Page:Ivoi - Le Serment de Daalia.djvu/317

La bibliothèque libre.
Le texte de cette page a été corrigé et est conforme au fac-similé.

Lisbeth vantait Morlaix, son professeur de droiture, de probité, de goût. Si à présent elle était moins ridicule, presque jolie, c’était à lui qu’elle le devait.

Morlaix exaltait sa compagne qui, élevée dans les ténèbres des affaires louches, avait de suite deviné la pure lumière du vrai, du noble. Il se défendait d’être l’auteur de sa transformation morale. Non, elle devait tout à sa propre intelligence, à sa faculté exquise d’assimilation. Tout le mérite revenait à sa jolie petite âme trop longtemps endormie. Oui, il l’avait éveillée, cela était vrai, mais cela seulement… En ouvrant les yeux à la clarté, l’âme chrysalide était devenue papillon. Les ailes diaprées, l’envol gracieux lui appartenaient bien. Est-ce qu’il est au pouvoir d’un professeur de transformer l’espèce ? Non, non ; sur la ronce, il ne fait pas éclore la rose, d’un caillou vil il ne fait pas un diamant, d’un quinquet il ne fait pas une étoile.

Devisant, se laissant aller aux extases de l’admiration mutuelle, extases qui seraient ridicules si elles n’étaient divines, si elles n’avaient nom : tendresse, tous deux étaient sortis de la cité ; ils marchaient lentement sur une route bien entretenue, s’allongeant entre d’épais buissons aux floraisons d’or, d’où jaillissaient d’énormes bananiers abritant le chemin sous les panaches de leurs larges feuilles.
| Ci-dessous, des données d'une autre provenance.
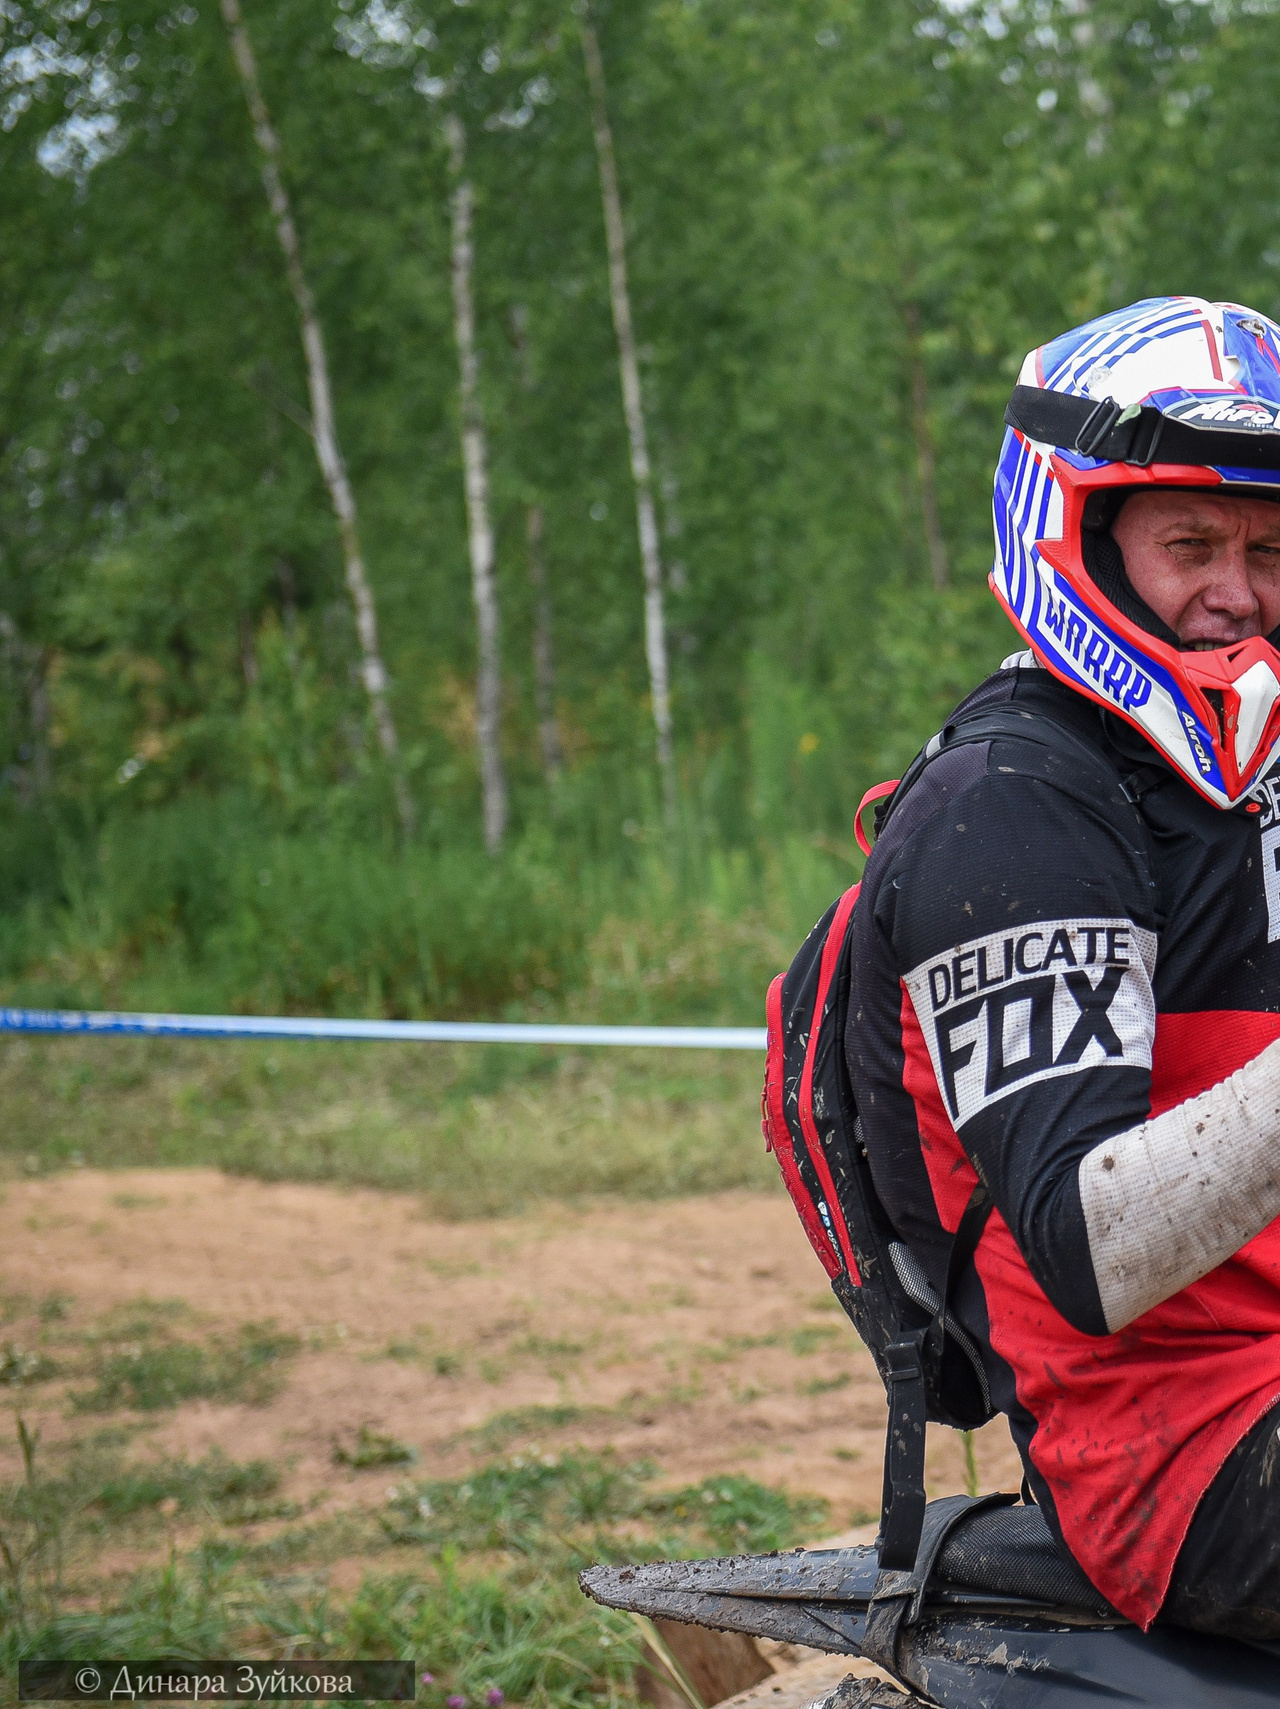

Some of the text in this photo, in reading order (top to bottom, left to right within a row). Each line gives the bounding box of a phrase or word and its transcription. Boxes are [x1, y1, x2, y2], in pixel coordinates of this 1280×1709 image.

[1181, 710, 1212, 774] Airoh
[928, 927, 1130, 1012] DELICATE
[934, 967, 1130, 1121] FOX
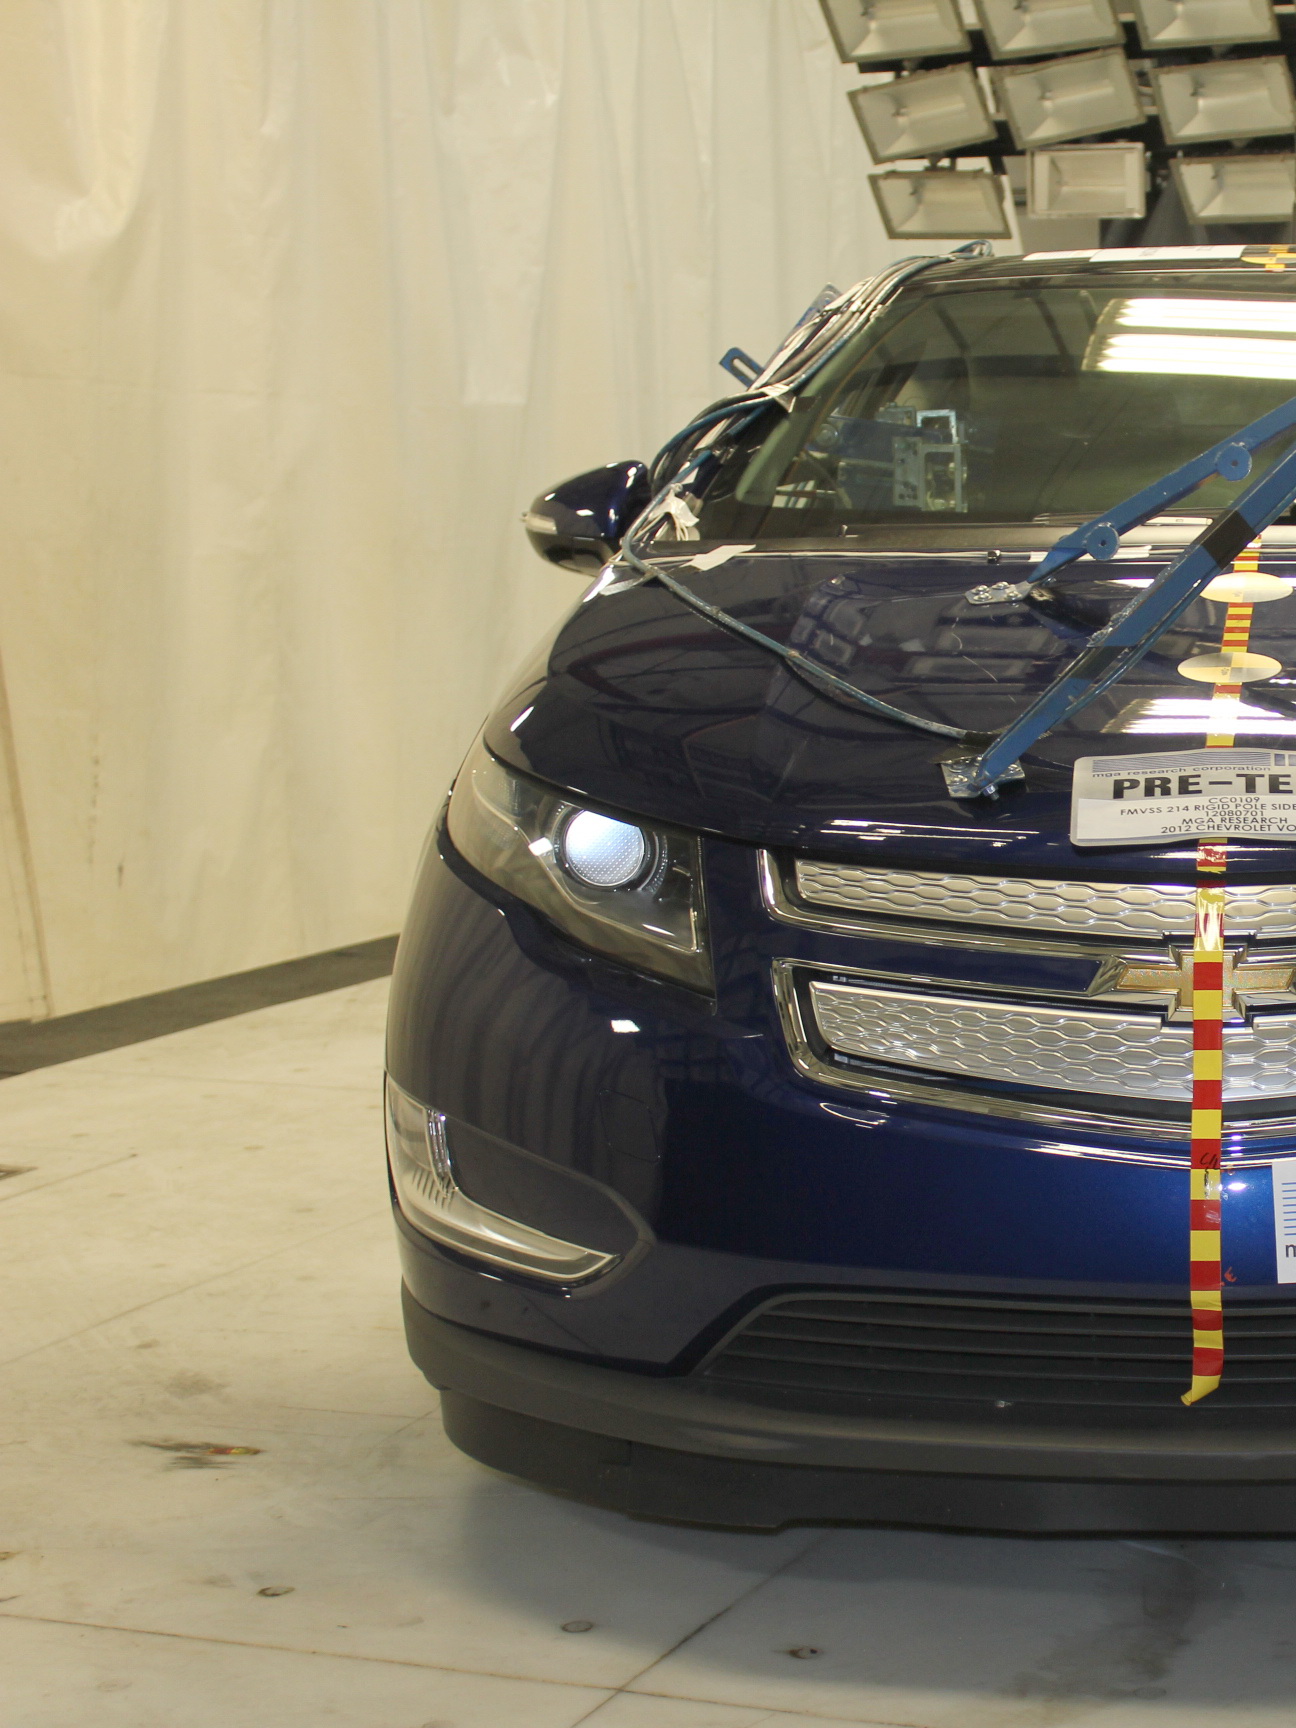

Parfois, le mur des broussailles s’interrompait, donnant aux regards une échappée sur la campagne ensoleillée, sur les pentes aux sommets couronnés par des forêts d’où s’élançaient d’innombrables ruisselets bondissants qui, de chute en chute, de cascade en rapide, descendaient vers la mer.

Des insectes aux reflets métalliques passaient avec des bourdonnements graves ou aigus. Puis, tout à coup, l’air s’emplissait de gazouillis, de sifflements, et d’un côté à l’autre de la voie s’élançait une troupe d’oiselets aux couleurs brillantes, jetant sur la rétine l’impression d’un vol de pierres précieuses.

Morlaix et Lisbeth allaient toujours.

Ils avaient oublié leurs compagnons, oublié le pourquoi de leur présence dans l’île Luçon.

Un rêve éveillé les aveuglait. Il leur semblait vivre au début de la création, être le seul homme, la seule femme sur l’immensité de la terre déserte et errer dans les sentiers d’un paradis éblouissant.